- Series
- Stochastics Seminar
- Time
- Thursday, January 29, 2026 - 3:30pm for 1 hour (actually 50 minutes)
- Location
- Skiles 006
- Speaker
- Florian Gunsilius – Emory University
- Organizer
- Cheng Mao
Partial identification provides an alternative to point identification: instead of pinning down a unique parameter estimate, the goal is to characterize a set guaranteed to contain the true parameter value. Many partial identification approaches take the form of linear optimization problems, which seek the "best- and worst-case scenarios" of a proposed model subject to the constraint that the model replicates correct observable information. However, such linear programs become intractable in settings with multivalued or continuous variables.
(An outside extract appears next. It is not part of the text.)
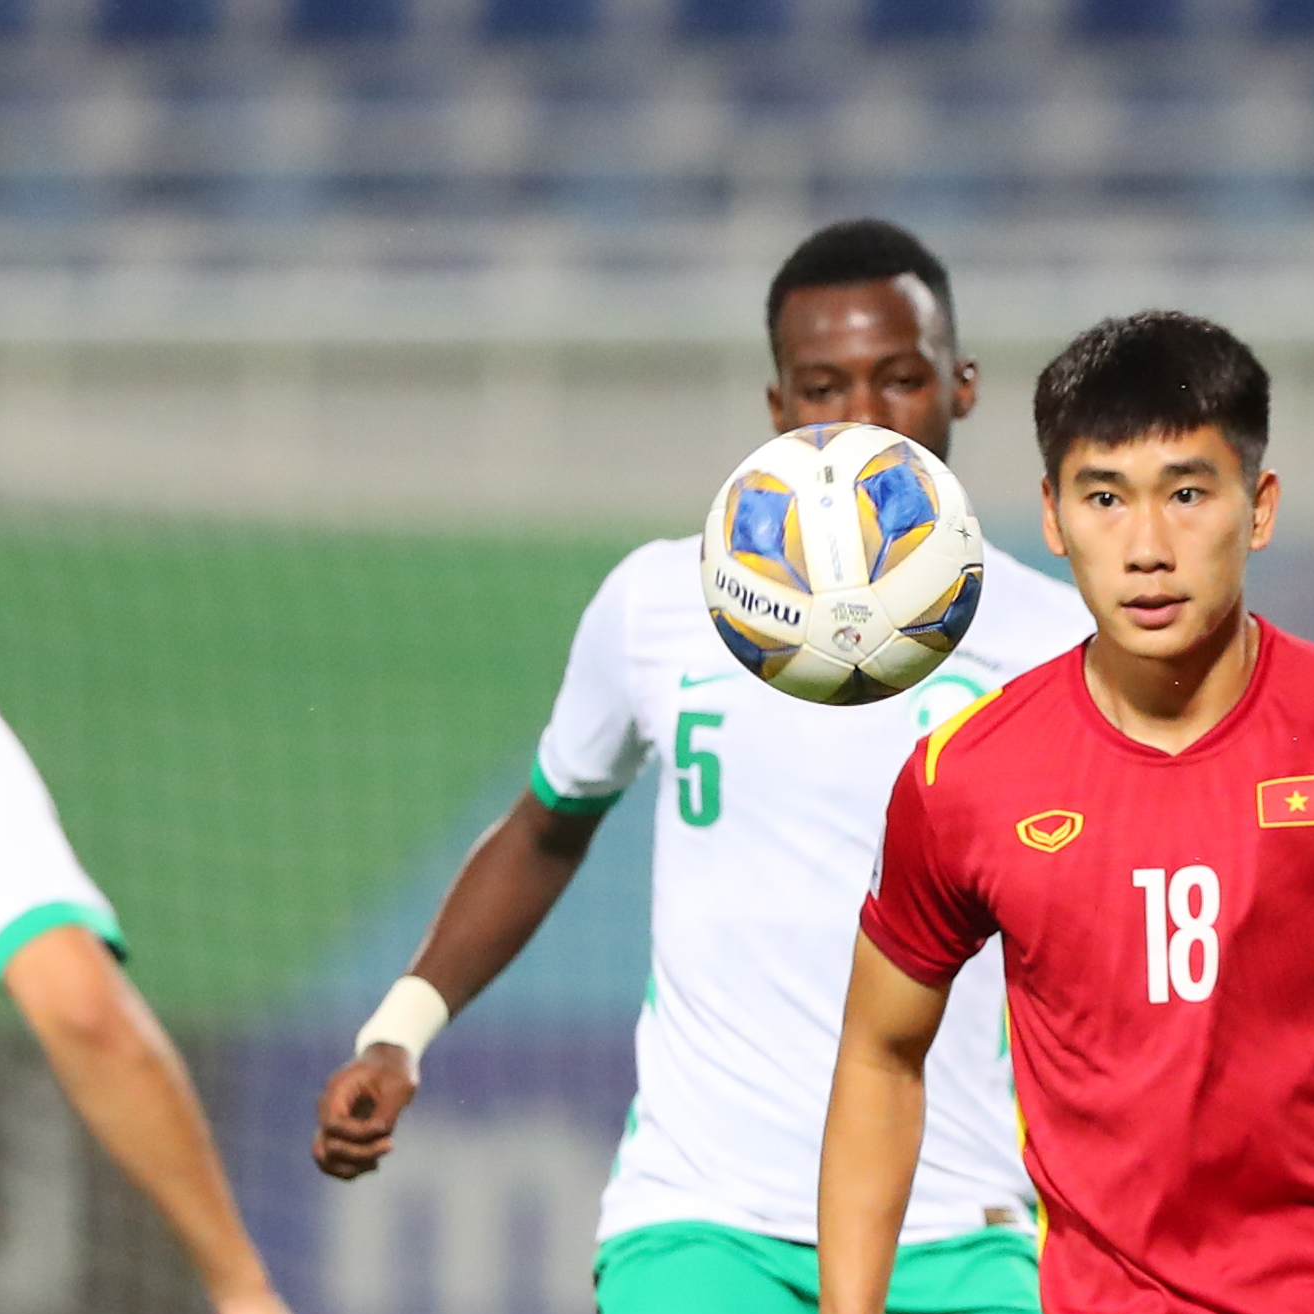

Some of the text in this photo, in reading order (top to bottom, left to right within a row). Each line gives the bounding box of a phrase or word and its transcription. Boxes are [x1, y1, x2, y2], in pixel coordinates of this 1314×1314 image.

[715, 568, 801, 626] molten
[676, 711, 724, 827] 5
[1132, 864, 1221, 1004] 18
This paper introduces a novel method to overcome this computational and statistical curse of cardinality: an entropy penalty transforms these potentially infinite-dimensional linear programs into general versions of multi-marginal Schrödinger bridges, enabling efficient approximation of their solutions. In the process, we establish novel statistical and mathematical properties of such multi-marginal Schrödinger bridges---including an analysis of the asymptotic distribution of entropic approximations to infinite-dimensional linear programs. We illustrate this approach by analyzing instrumental variable models with continuous variables, a setting that has been out of reach for existing methods.